John von Neumann
John von Neumann (December 28, 1903 to February 8, 1957) Von Neumann, who was born in Hungary and emigrated to the United States in 1933, is considered one of the greatest mathematicians of the 20th century. He did pioneering work in many areas of both pure and applied mathematics. His 1932 book “The Mathematical Foundations of Quantum Mechanics” gave the first rigorous mathematical formulation of the principles of quantum mechanics. His 1944 book with Oskar Morgenstern, “Theory of Games and Economic Behavior,” founded the mathematical field of “game theory” and has had enormous impact on theoretical economics. His ideas also contributed greatly to the development of digital computers. (Most modern programmable computers are based on what is called the “von Neumann architecture.”) Von Neumann also made fundamentally important contributions to set theory and to several branches of pure mathematics. Many of the great developments of the twentieth century bear the imprint of his genius. The speed and power of von Neumann’s intellect were legendary and the subject of many anecdotes. Several great mathematicians and physicists who knew him well (including Hans Bethe, Edward Teller, and Eugene Wigner) spoke with awe of the seemingly superhuman rapidity of von Neumann’s thought processes.

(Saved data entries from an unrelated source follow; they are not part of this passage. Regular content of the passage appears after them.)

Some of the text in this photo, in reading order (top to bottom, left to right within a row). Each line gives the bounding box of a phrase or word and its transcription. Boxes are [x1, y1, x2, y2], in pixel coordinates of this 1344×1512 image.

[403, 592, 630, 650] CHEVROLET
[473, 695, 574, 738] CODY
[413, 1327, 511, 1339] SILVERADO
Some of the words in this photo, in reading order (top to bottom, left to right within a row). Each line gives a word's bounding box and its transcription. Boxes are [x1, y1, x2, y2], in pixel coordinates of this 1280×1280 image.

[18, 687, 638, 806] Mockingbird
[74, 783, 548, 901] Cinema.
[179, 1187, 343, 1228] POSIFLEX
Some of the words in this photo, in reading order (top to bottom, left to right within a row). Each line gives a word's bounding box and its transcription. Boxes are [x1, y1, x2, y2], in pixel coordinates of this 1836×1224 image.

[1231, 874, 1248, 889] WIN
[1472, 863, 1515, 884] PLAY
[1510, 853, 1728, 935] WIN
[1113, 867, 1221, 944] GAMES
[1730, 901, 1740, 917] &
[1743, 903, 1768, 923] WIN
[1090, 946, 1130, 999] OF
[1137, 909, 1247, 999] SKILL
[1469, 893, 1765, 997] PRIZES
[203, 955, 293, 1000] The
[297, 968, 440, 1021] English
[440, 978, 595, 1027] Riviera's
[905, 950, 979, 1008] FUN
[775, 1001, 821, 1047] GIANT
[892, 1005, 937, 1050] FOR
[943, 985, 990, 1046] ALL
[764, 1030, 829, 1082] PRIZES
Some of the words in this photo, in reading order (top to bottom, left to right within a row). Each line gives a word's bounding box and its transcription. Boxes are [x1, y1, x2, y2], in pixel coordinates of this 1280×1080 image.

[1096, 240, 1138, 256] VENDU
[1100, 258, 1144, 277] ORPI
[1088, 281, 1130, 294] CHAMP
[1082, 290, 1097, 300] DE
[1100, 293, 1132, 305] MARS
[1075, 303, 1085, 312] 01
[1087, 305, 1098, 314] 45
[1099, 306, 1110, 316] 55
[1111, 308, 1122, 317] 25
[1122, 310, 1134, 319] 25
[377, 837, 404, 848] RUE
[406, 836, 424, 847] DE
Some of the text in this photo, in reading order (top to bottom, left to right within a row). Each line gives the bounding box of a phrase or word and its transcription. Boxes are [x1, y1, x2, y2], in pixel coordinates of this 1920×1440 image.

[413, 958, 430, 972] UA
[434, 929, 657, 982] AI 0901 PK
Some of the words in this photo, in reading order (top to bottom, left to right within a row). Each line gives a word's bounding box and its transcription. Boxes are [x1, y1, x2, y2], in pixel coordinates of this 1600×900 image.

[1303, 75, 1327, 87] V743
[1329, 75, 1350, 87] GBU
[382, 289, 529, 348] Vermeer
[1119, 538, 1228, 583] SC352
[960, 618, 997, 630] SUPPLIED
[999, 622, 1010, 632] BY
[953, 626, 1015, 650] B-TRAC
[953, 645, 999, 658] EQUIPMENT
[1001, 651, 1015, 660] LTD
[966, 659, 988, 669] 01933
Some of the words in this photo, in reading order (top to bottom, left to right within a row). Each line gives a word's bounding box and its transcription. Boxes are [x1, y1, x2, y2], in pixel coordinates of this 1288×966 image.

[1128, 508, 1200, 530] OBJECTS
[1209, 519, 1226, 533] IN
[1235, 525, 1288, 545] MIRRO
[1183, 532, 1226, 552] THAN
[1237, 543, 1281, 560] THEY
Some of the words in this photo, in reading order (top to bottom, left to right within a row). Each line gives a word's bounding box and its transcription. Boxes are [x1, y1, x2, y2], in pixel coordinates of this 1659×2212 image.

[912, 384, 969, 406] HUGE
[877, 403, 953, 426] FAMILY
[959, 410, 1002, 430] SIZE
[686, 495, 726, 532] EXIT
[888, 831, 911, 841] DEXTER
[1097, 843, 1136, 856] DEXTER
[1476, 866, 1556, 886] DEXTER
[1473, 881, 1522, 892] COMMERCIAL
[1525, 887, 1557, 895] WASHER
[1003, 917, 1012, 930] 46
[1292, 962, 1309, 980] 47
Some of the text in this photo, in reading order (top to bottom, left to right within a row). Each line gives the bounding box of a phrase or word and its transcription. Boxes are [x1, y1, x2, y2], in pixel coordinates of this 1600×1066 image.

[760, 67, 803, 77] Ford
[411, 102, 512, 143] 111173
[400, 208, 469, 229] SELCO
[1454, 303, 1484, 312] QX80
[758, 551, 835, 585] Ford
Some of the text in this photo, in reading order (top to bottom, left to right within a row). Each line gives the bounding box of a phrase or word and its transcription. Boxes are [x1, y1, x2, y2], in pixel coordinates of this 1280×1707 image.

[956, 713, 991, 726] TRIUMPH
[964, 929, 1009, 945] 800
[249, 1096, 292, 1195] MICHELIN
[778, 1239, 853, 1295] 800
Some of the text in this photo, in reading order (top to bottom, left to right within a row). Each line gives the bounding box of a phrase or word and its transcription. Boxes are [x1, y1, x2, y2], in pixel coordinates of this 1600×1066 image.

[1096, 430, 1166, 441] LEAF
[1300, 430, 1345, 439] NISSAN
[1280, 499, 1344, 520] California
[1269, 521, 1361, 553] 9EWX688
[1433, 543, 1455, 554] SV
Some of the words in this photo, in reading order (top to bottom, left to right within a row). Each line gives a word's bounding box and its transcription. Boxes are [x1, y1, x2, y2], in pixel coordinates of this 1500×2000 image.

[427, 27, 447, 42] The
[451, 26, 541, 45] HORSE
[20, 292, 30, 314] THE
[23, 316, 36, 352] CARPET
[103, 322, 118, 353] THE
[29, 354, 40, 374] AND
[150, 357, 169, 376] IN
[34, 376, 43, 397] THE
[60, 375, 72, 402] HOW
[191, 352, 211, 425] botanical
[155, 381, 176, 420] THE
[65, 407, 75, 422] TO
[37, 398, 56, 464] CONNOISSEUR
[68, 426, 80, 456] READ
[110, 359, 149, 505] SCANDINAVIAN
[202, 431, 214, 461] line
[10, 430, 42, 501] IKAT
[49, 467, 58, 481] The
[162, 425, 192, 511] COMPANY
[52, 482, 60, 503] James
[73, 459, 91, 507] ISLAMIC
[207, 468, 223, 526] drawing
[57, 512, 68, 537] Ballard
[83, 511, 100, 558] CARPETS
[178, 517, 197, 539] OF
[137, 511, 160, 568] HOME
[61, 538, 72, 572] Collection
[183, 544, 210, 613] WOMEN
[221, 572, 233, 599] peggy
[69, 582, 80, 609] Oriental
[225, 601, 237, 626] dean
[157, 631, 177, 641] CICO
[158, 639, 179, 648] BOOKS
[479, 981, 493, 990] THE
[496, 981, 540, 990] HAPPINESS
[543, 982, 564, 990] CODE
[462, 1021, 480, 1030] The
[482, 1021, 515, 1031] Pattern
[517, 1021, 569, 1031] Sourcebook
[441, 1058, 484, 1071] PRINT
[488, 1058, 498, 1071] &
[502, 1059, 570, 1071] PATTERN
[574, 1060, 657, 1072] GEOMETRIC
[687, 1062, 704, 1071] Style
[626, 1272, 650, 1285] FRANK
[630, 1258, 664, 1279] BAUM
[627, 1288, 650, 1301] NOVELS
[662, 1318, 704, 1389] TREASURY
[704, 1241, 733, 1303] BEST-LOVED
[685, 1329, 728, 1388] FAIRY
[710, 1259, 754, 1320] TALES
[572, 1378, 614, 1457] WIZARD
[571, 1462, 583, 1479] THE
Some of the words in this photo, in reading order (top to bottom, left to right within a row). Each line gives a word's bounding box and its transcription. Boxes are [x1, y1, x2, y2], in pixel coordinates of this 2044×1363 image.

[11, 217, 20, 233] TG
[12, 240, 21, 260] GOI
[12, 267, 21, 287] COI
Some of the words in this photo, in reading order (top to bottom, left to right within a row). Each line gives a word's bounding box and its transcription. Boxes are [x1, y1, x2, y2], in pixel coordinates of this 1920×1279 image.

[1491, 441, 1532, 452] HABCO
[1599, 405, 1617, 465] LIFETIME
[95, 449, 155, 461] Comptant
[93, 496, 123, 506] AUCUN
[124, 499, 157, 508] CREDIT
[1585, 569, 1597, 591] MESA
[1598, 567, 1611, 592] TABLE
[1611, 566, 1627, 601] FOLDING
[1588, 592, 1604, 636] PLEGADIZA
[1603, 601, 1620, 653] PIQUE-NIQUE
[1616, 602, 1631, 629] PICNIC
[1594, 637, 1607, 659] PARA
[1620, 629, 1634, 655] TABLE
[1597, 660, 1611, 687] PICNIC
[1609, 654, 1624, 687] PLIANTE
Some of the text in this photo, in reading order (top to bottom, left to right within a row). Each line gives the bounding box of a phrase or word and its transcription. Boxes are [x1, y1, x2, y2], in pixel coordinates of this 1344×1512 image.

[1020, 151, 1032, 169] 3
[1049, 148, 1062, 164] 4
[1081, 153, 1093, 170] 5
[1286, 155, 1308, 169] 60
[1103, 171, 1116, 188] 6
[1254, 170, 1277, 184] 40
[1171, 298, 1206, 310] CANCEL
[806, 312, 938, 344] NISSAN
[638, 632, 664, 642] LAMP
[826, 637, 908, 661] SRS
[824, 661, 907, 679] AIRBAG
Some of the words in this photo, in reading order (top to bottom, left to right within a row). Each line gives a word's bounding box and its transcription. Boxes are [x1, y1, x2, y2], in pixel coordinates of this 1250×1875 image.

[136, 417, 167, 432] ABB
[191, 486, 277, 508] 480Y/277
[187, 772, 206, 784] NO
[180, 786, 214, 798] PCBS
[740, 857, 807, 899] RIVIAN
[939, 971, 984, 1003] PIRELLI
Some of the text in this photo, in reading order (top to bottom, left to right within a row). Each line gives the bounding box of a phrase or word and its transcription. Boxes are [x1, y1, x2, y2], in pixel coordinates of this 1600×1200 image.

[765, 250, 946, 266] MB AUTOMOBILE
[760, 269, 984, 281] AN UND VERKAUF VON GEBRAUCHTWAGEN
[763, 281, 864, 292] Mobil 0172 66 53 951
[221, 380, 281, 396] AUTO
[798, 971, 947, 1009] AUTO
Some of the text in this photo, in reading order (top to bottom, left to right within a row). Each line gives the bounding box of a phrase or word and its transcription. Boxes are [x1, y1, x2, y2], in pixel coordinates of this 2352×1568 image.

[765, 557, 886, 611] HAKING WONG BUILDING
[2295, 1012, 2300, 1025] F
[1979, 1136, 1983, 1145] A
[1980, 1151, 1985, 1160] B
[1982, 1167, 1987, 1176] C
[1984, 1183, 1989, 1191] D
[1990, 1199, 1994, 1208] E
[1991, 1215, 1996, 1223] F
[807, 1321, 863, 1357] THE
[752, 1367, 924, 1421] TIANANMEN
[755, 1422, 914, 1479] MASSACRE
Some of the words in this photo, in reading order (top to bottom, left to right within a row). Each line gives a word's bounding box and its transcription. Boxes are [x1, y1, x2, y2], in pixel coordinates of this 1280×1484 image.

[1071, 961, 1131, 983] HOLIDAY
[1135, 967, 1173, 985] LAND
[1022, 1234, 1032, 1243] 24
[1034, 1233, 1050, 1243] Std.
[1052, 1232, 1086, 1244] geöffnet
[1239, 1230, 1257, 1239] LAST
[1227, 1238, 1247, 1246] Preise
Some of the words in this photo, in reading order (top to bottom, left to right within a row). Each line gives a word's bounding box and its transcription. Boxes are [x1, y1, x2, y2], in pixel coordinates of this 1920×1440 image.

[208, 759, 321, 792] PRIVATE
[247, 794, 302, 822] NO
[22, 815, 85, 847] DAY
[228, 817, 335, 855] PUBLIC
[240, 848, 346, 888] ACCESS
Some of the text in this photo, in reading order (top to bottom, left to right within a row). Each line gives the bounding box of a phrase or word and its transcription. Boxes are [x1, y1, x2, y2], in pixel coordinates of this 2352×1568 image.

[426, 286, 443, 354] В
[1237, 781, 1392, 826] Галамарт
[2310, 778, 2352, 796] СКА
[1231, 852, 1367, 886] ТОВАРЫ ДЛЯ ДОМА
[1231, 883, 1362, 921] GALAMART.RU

Von Neumann’s religious beliefs (or lack of them) have been the subject of much discussion. Jewish by birth, he accepted Catholic baptism in 1930 in order to marry, though he did not practice the faith and some of his colleagues saw him as “completely agnostic.” It therefore came as a great surprise to them that von Neumann, when dying of cancer in the hospital, sought the ministrations of a Catholic priest, Fr. Anselm Strittmatter, O.S.B., to whom he confessed and from whom he received the last sacraments of the Catholic Church. Some explained this as the act of a desperate man who was known to have an unusually great horror of death. On the other hand, that he had some belief is indicated by the fact that he once confided to his mother, “There probably has to be a God. Many things are easier to explain if there is than if there isn’t.” And surely it is significant that when confronted by his own mortality, and whatever his doubts, it was to the Church and her sacraments that he turned.